U.S. should push the Quad to help Sri Lanka

Sri Lanka is currently midst of the worst economic crisis the island has seen since independence.

After food inflation reached over 30% in March, food shortages have become common, power cuts last up to 13 hours a day in some areas, and for the first time, Sri Lanka has defaulted on its international debt, forcing the government to approach the International Monetary Fund for assistance.

Anger over the deteriorating economic situation has pushed many Sri Lankans onto the streets to demand the resignation of President Gotabaya Rajapaksa and the government led by his brother, Prime Minister Mahinda Rajapaksa.

While the IMF considers how best to support Sri Lanka, policymakers in Washington should urgently step forward with a financial package that will not only provide desperately needed aid for ordinary Sri Lankans but help the U.S. meet some of its long-term strategic objectives in the Indo-Pacific.
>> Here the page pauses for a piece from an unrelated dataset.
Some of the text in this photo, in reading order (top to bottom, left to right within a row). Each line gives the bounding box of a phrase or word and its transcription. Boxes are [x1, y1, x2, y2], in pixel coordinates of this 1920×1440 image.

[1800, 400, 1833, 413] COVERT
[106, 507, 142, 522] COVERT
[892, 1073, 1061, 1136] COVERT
The economic crisis is directly linked to Sri Lanka’s external debt, which has become unsustainable for several reasons.

In November 2019, the government cut both income taxes and the value-added tax, which, according to the IMF, led to a loss of revenue exceeding 2% of gross domestic product. Then, in April 2021, the government implemented an ill-advised ban on nonorganic fertilizers, which led to a decline in tea production, Sri Lanka’s highest-earning export. Several other policy decisions alienated key partners, including China, India and Japan.

To be sure, the pandemic put further pressure on Sri Lanka’s finances. Tourism was beginning to recover after the April 2019 Easter terrorist attacks, and Sri Lanka was expecting at least $5 billion in foreign exchange earnings from tourism in 2020, but then the entire industry shut down from April to November that year and generated only $650 million in revenue last year.
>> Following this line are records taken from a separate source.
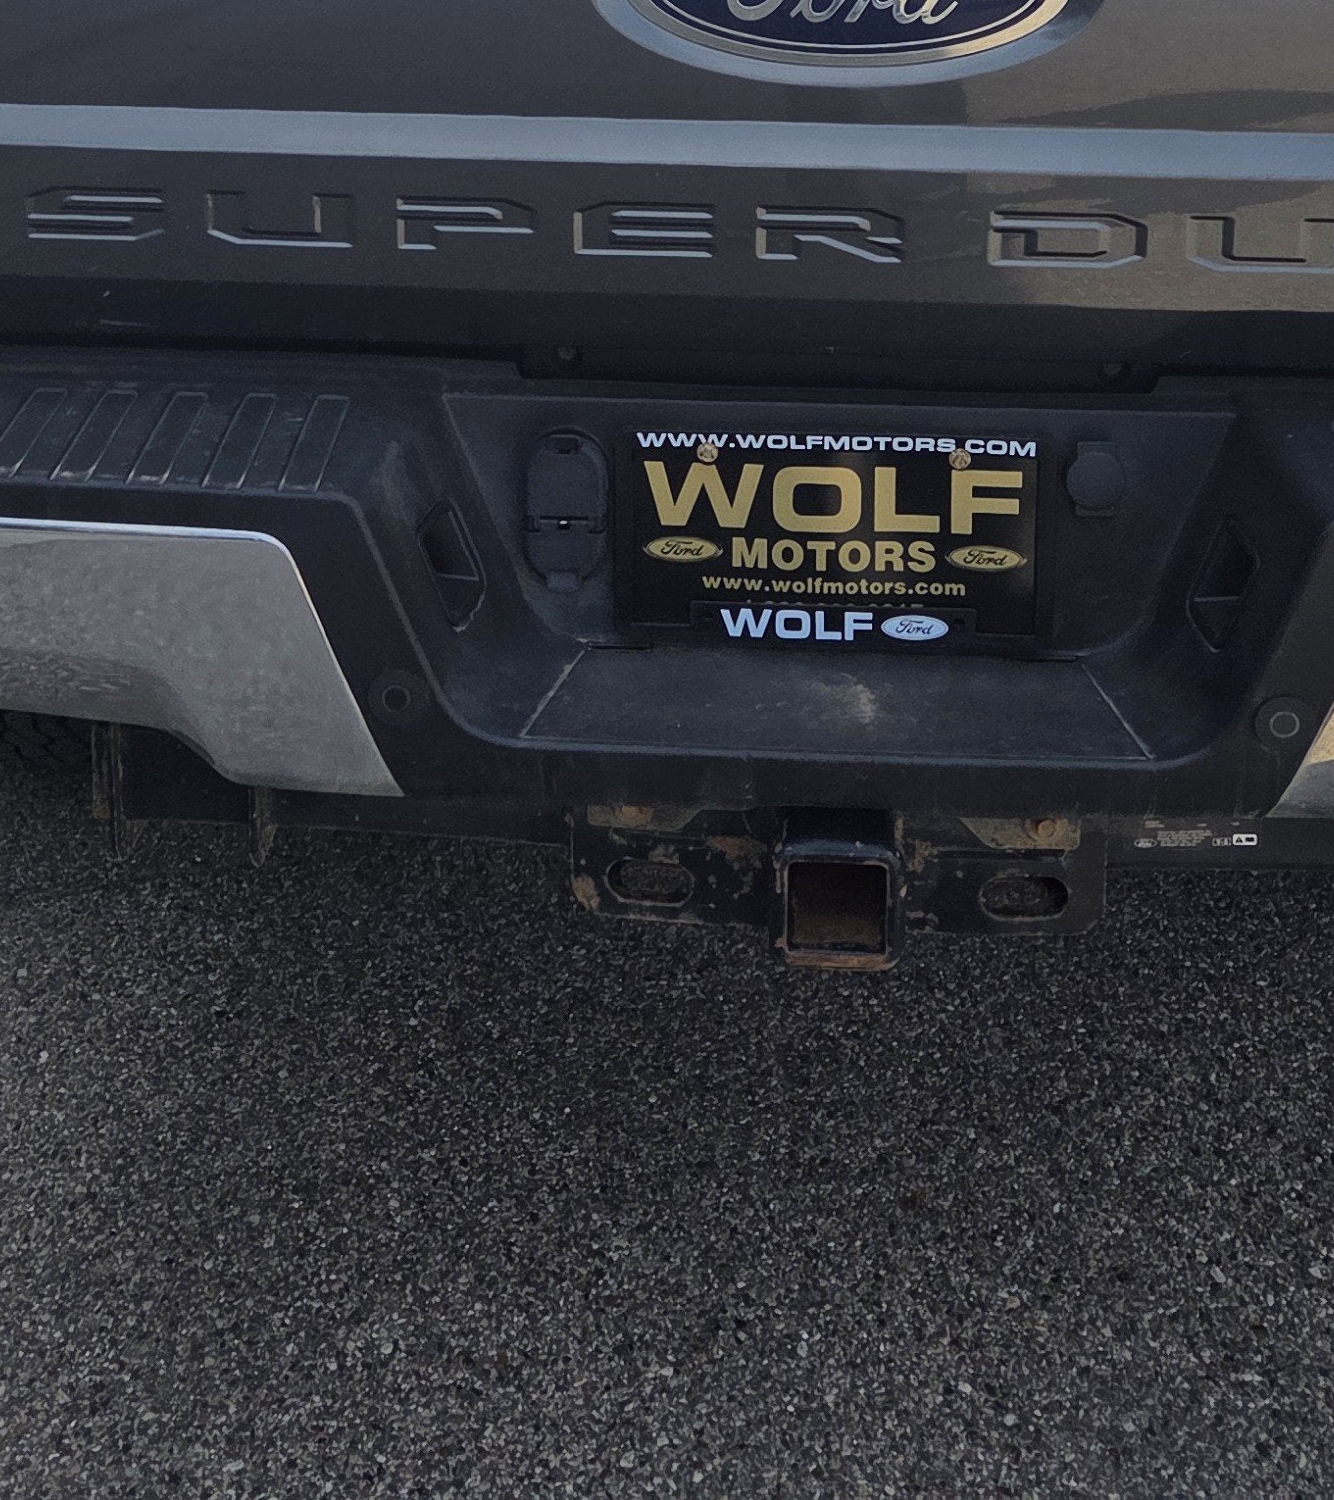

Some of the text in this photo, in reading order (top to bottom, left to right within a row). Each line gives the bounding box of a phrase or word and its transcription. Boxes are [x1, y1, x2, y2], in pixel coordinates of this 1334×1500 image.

[25, 185, 905, 263] SUPER
[636, 431, 1037, 458] WWW.WOLFMOTORSCOM
[643, 460, 1023, 535] WOLF
[660, 536, 1008, 574] Ford MOTORS Ford
[701, 575, 967, 597] www.wolfmotors.com
[720, 608, 934, 642] WOLF Ford
China’s zero-COVID strategy has not helped either. In 2019, 168,000 Chinese tourists accounted for 9% of all arrivals. But in 2021, that number dropped to 2,400, or about 1.2% of arrivals.

Then came Russia’s invasion of Ukraine, which not only caused oil prices to spike, adding to Sri Lanka’s current-account deficit problems but will likely put an end to the Russian and Ukrainian tourists that the country has become dependent on. In the first quarter of this year, Russia accounted for 13.2% of all tourists, while Ukraine accounted for 4.7% of tourists.

Political pressure is growing on the Rajapaksas to either step down or enact political reforms, and protests are unlikely to die down anytime soon.

The government has taken some steps to address the crisis, including appointing a new cabinet, acknowledging past policy mistakes and approaching the IMF for a rapid finance instrument, which is essentially a bridge loan.

Because Sri Lanka’s debt is unsustainable, it would be difficult for the IMF to issue such a loan until Sri Lanka implements a debt restructuring plan. Even if Sri Lanka is able to access IMF funds, it will still need a broader extended fund facility (EFF) program, which would be provided on a longer-term basis but come with more strings attached.

India, which has been at the forefront of efforts to support Sri Lanka, has championed the EFF program, as that would require tough political and economic reforms that would put Sri Lanka on a path to fiscal solvency.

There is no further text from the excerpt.